While the LPR remains the formal benchmark that directly shapes borrowing costs across China's real economy, its status within the PBOC's own policy architecture has decisively shifted. The central bank now treats the seven-day reverse repo rate as its primary policy instrument, a change formally signalled in mid-2024 when PBOC Governor Pan Gongsheng indicated that short-term open market operations would serve as the main lever for guiding monetary conditions, with the LPR and the Medium-term Lending Facility taking supporting roles.
The seven-day reverse repo rate is the rate at which the PBOC temporarily buys securities from commercial banks, injecting short-term liquidity into the interbank market, with an agreement to sell them back after seven days. Because it is (well, can be) adjusted in daily open market operations, it gives policymakers far more precise and timely control over funding conditions than the LPR, which is set once a month based on submissions from a panel of 18 designated commercial banks. Those submissions are themselves anchored to what the banks have bid for PBOC liquidity, meaning the reverse repo rate effectively feeds through to the LPR, reinforcing the hierarchy.

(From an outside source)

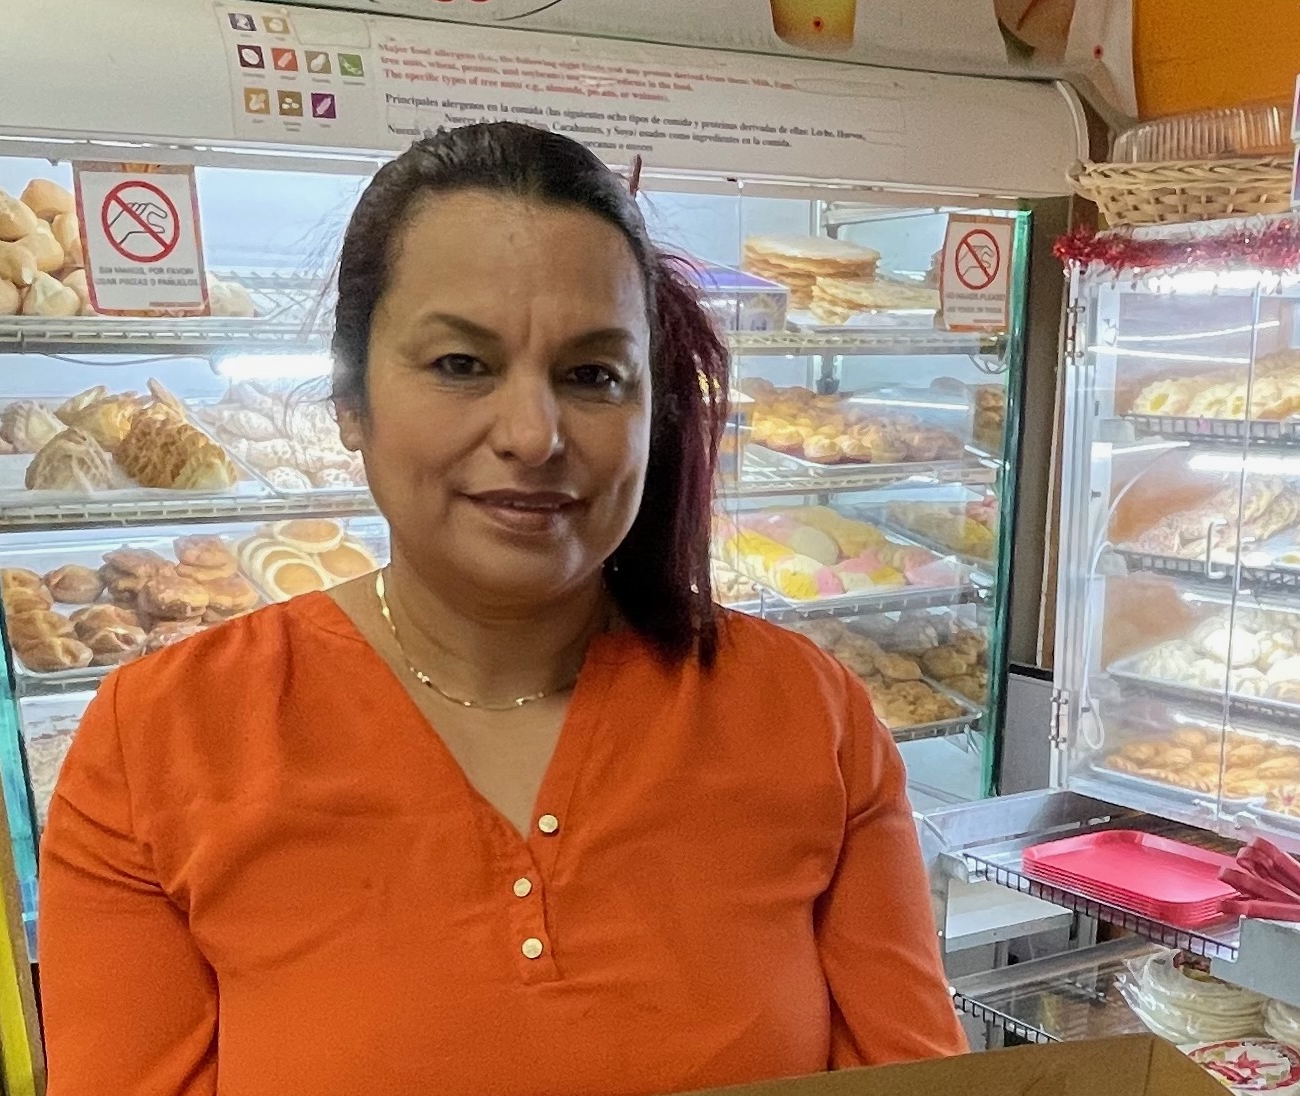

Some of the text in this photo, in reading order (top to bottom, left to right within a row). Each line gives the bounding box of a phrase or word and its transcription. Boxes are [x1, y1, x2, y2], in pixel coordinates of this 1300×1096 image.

[385, 93, 439, 107] Principales
[487, 103, 498, 112] en
[500, 103, 509, 113] la

The reverse repo rate currently stands at 1.4%, a level it has held since 9 May 2025, when the PBOC cut it by 10 basis points from 1.5%. That move was part of a broader easing package that also brought the one-year LPR down from 3.1% to 3.0% and the five-year LPR from 3.6% to 3.5%, alongside a 50-basis-point reduction in the reserve requirement ratio and a cut to Housing Provident Fund loan rates. It has not moved since, and officials are seen as having limited appetite for further reductions, with concerns that deeper cuts could squeeze bank margins and put unwanted pressure on the yuan.
The LPR framework itself was introduced in August 2019, when the PBOC designated it the new lending benchmark for new bank loans to households and businesses, replacing the central bank's older administered one-year lending rate. That reform was designed to improve the transmission of monetary policy into real-economy borrowing costs. The latest evolution, elevating the reverse repo rate above the LPR in the policy pecking order, represents a further step toward a more market-oriented framework closer in structure to those used by major Western central banks.
For now, the decision to hold rates reflects a careful balancing act. China's economy grew 5% in the first quarter of 2026, hitting the top of the government's annual target range of 4.5% to 5%, reducing immediate pressure to ease. At the same time, escalating Middle East tensions have pushed global oil prices sharply higher, importing inflationary pressure that complicates the case for cuts. Factory-gate prices turned positive for the first time in more than three years in March, rising 0.5% year on year, while consumer inflation logged its biggest jump in over three years in February before easing slightly. The PBOC has signalled it intends to keep policy "supportive" and "moderately loose" but is in no rush to pull the trigger on fresh rate reductions.